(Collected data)
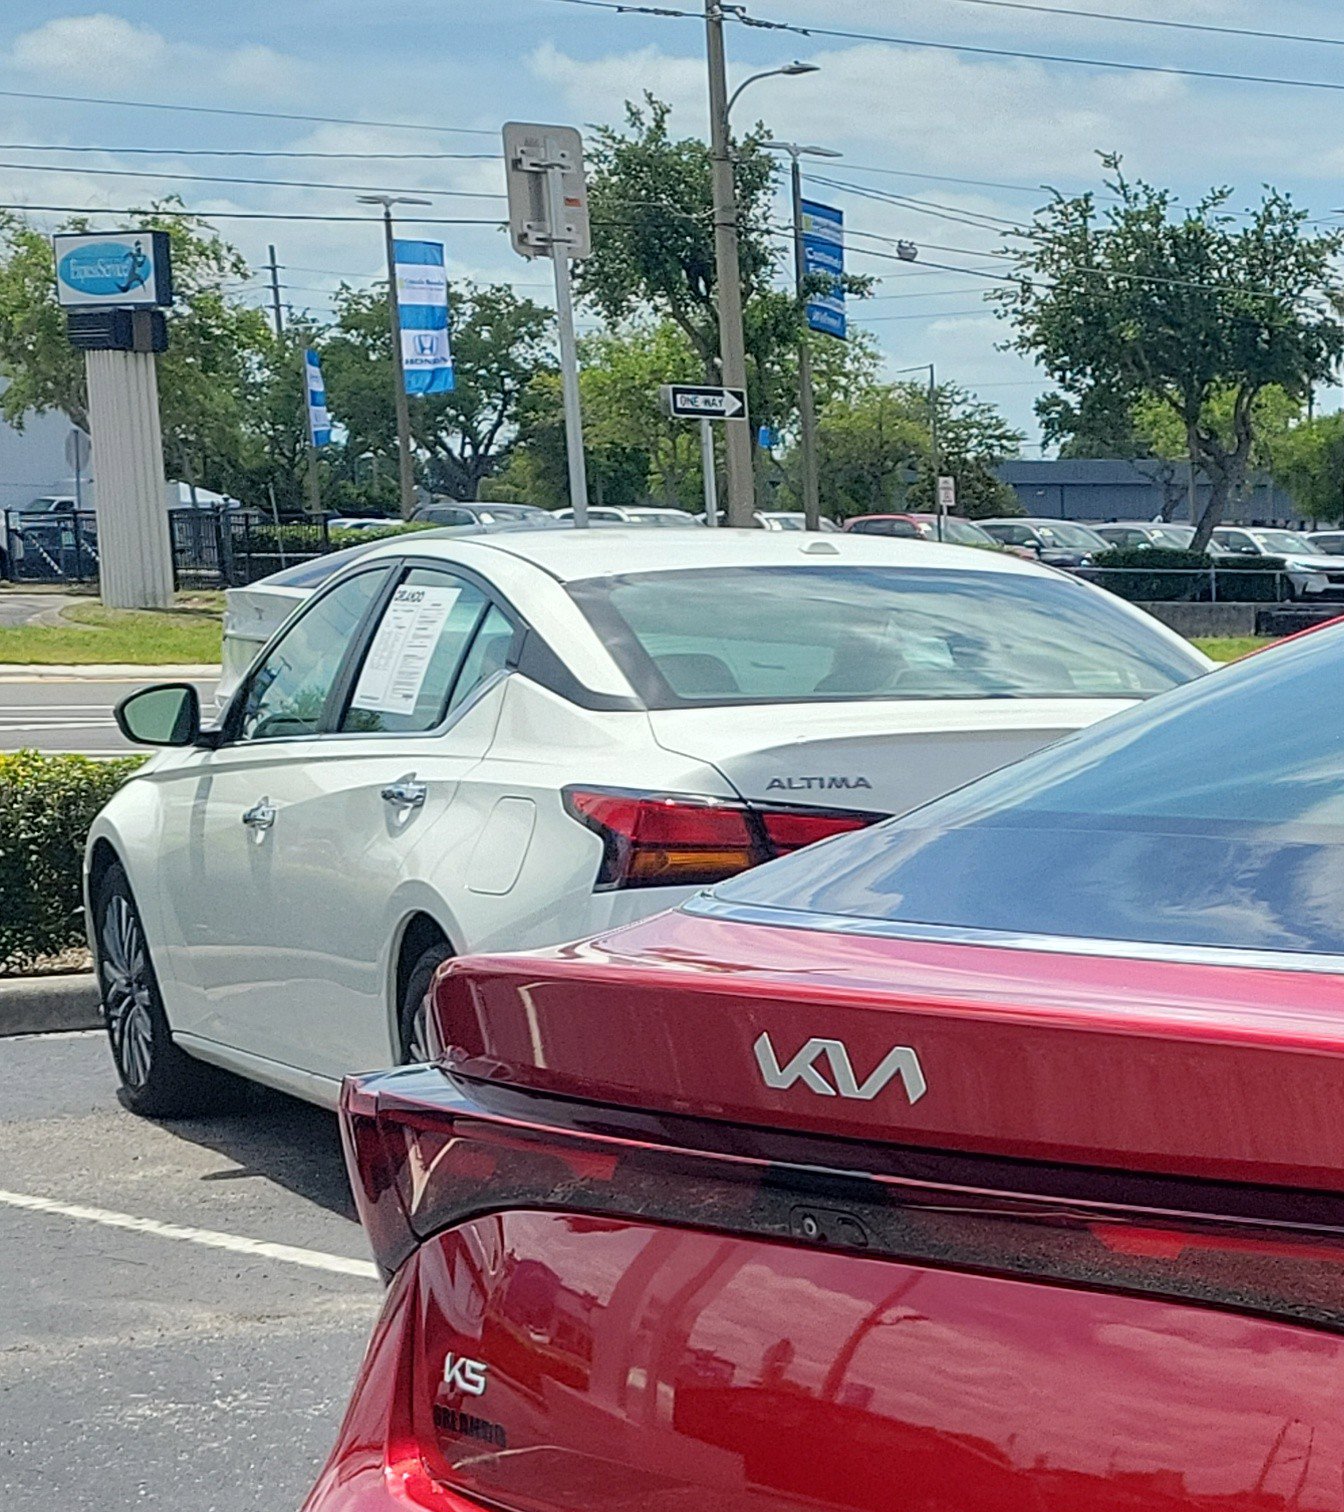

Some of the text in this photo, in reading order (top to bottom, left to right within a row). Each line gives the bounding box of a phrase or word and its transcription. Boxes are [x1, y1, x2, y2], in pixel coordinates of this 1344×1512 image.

[404, 357, 449, 366] HONDA
[680, 395, 723, 408] ONE WAY
[766, 776, 873, 791] ALTIMA
[753, 1031, 927, 1105] KIA
[443, 1351, 488, 1396] K5

*DIRECTIONS*
Return every entry above word for word, leaving pictures out.

*WRITTEN RESPONSE*
Some of the text in this photo, in reading order (top to bottom, left to right within a row). Each line gives the bounding box of a phrase or word and its transcription. Boxes are [x1, y1, x2, y2], in pixel coordinates of this 1344×1512 image.

[404, 357, 449, 366] HONDA
[680, 395, 723, 408] ONE WAY
[766, 776, 873, 791] ALTIMA
[753, 1031, 927, 1105] KIA
[443, 1351, 488, 1396] K5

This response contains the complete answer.